YOUR OBJECTIVE
Return all of the data that follows precisely, leaving every image out.

MATERIAL SHOWN
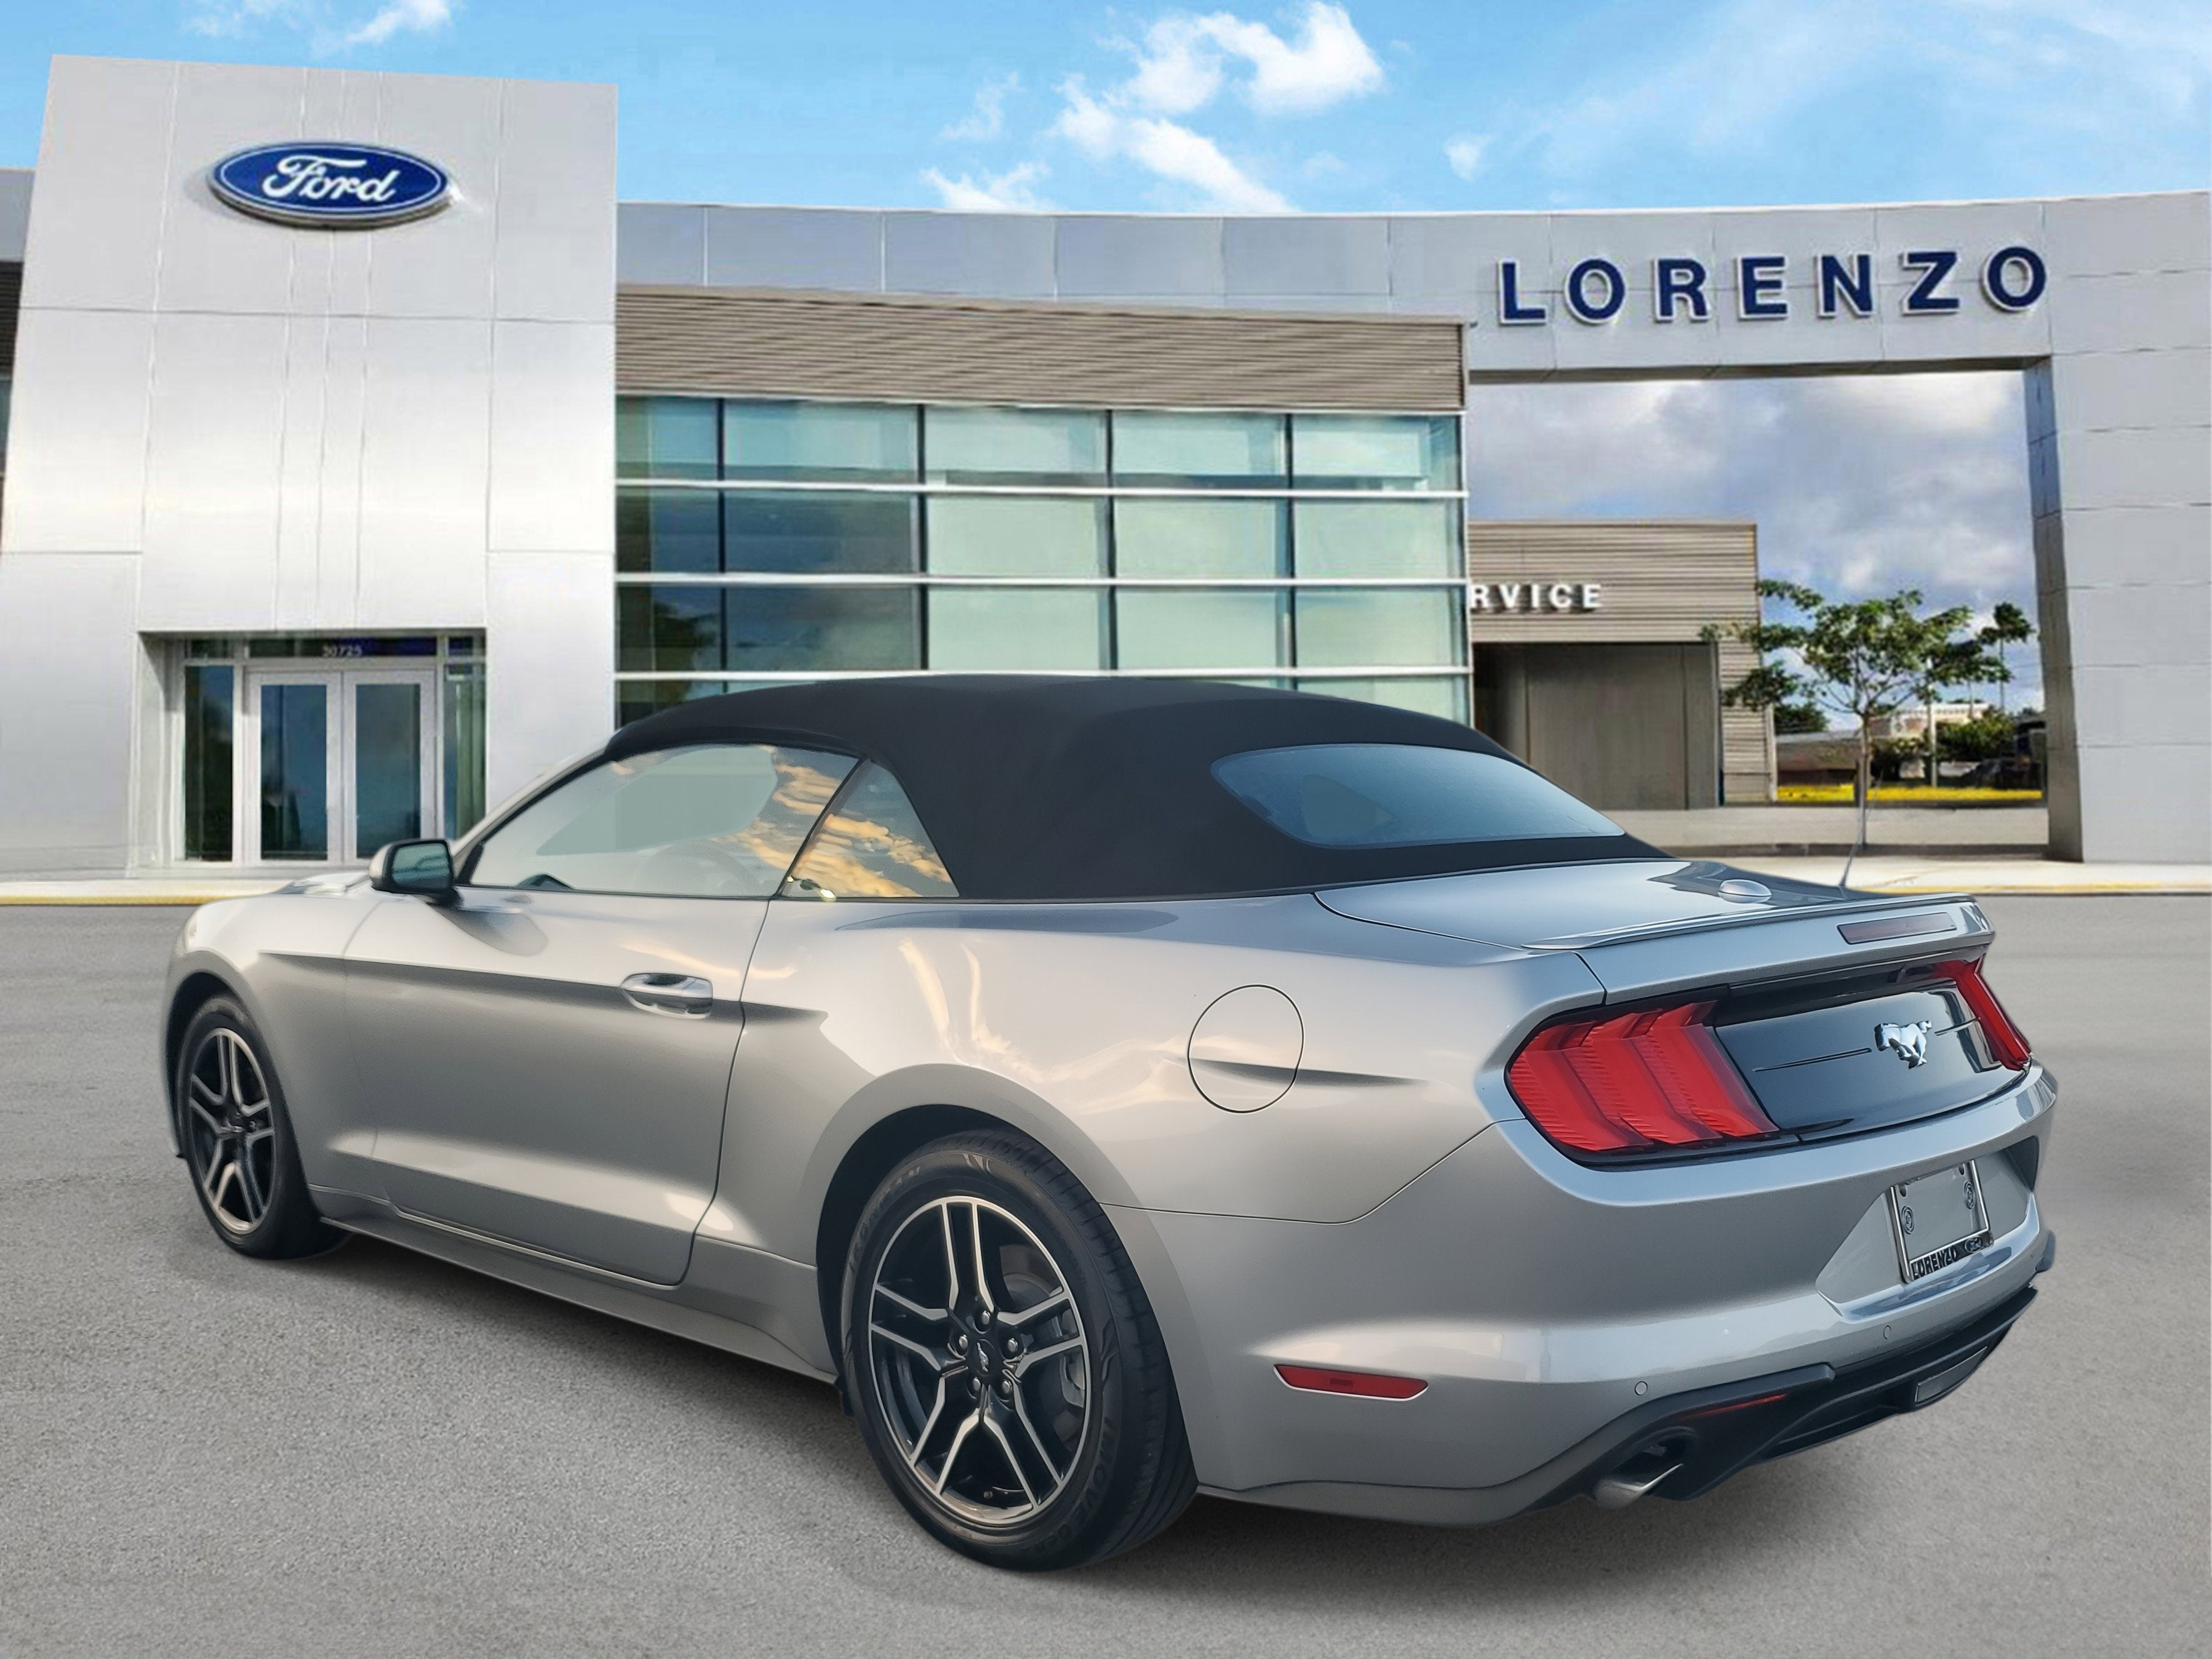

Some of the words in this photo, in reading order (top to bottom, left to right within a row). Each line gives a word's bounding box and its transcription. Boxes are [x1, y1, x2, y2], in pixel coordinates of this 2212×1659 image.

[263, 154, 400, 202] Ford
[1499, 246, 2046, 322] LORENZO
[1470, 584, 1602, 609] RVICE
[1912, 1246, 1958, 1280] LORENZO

RESPONSE BELOW
Some of the words in this photo, in reading order (top to bottom, left to right within a row). Each line gives a word's bounding box and its transcription. Boxes are [x1, y1, x2, y2], in pixel coordinates of this 2212×1659 image.

[263, 154, 400, 202] Ford
[1499, 246, 2046, 322] LORENZO
[1470, 584, 1602, 609] RVICE
[1912, 1246, 1958, 1280] LORENZO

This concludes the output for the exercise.